Activity:
Pictures are to be left out; everything else in the records must be repeated exactly.

Data provided:
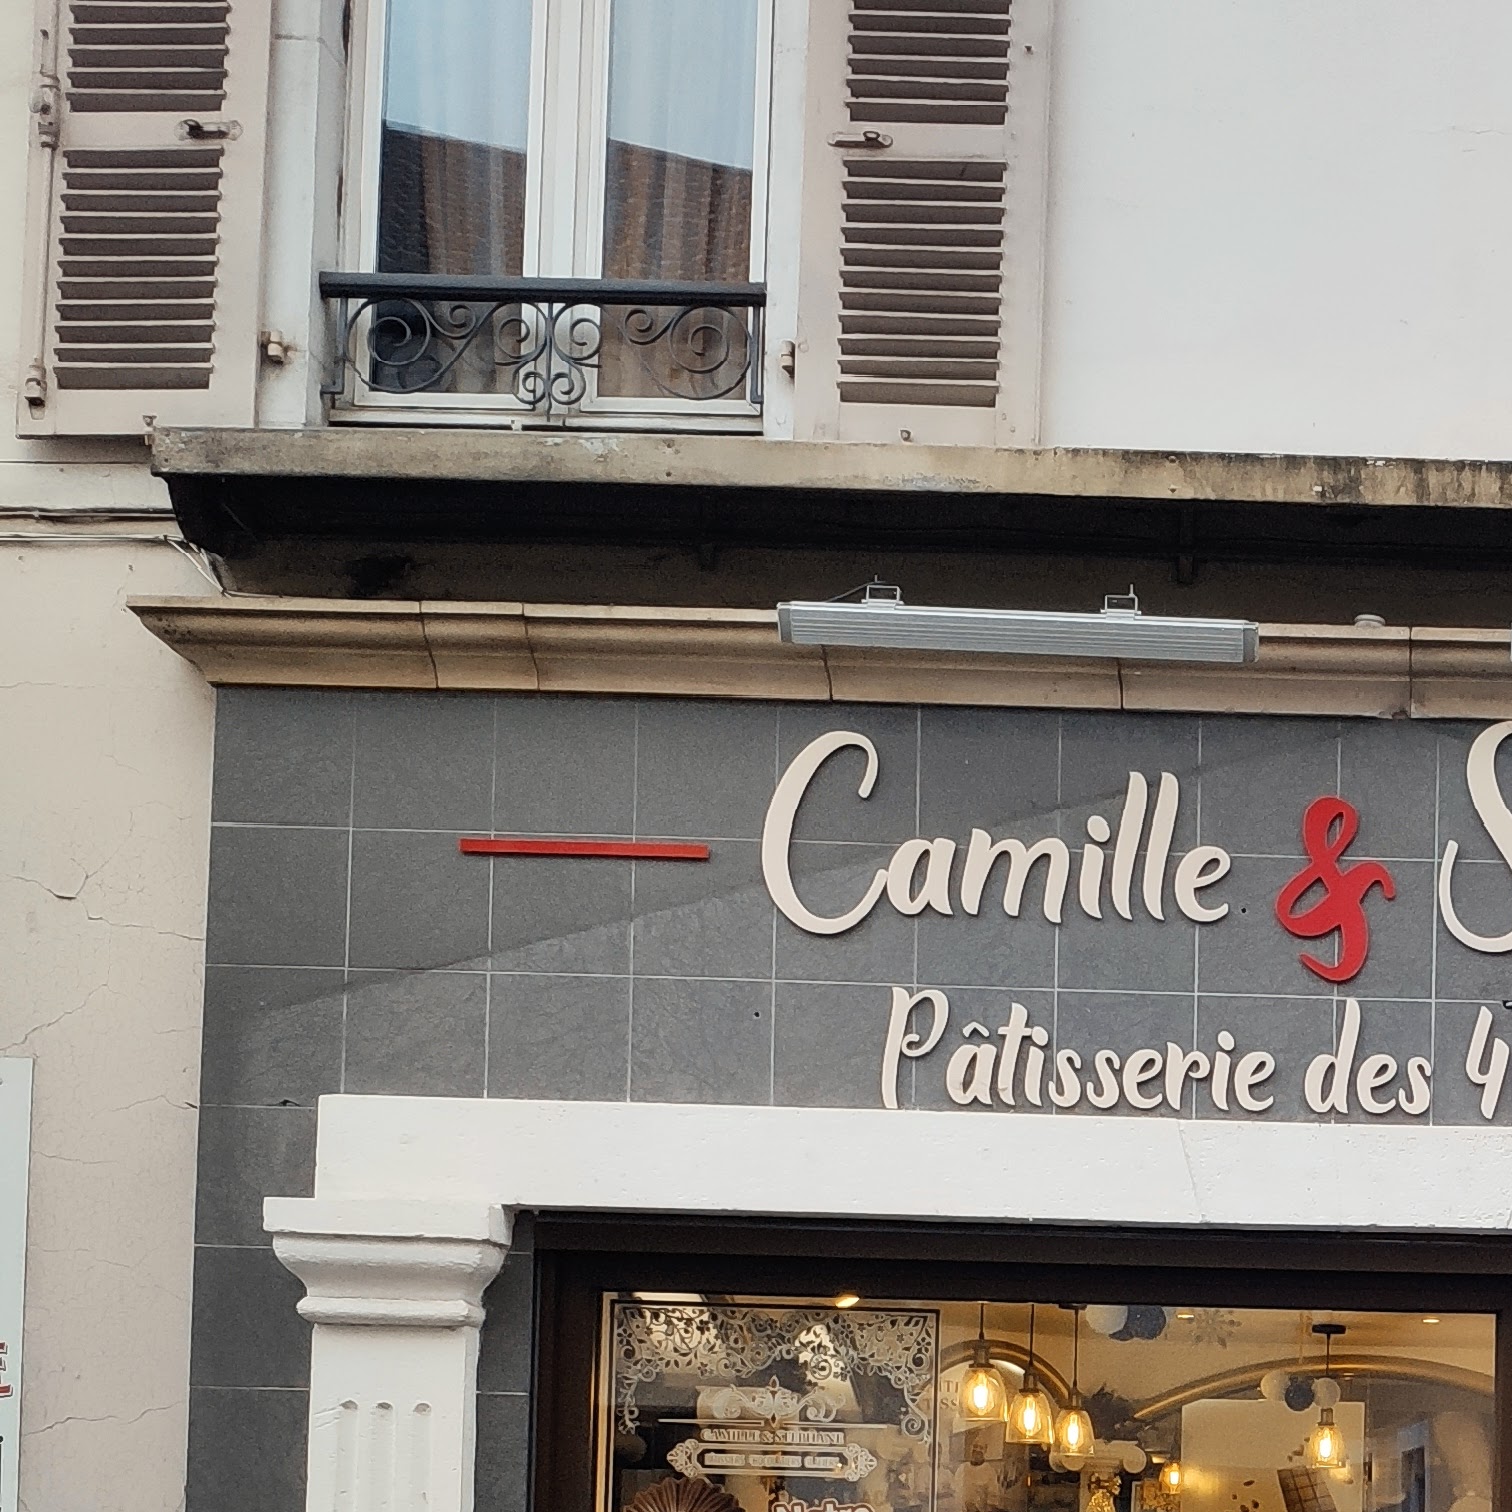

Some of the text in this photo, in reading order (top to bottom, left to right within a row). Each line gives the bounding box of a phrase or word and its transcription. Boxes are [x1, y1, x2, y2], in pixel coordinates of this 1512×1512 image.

[761, 731, 1231, 934] Camille
[1276, 796, 1396, 981] &
[881, 986, 1275, 1112] Pâtisserie
[1305, 998, 1432, 1114] des
[1465, 1006, 1510, 1119] 4

Final answer:
Some of the text in this photo, in reading order (top to bottom, left to right within a row). Each line gives the bounding box of a phrase or word and its transcription. Boxes are [x1, y1, x2, y2], in pixel coordinates of this 1512×1512 image.

[761, 731, 1231, 934] Camille
[1276, 796, 1396, 981] &
[881, 986, 1275, 1112] Pâtisserie
[1305, 998, 1432, 1114] des
[1465, 1006, 1510, 1119] 4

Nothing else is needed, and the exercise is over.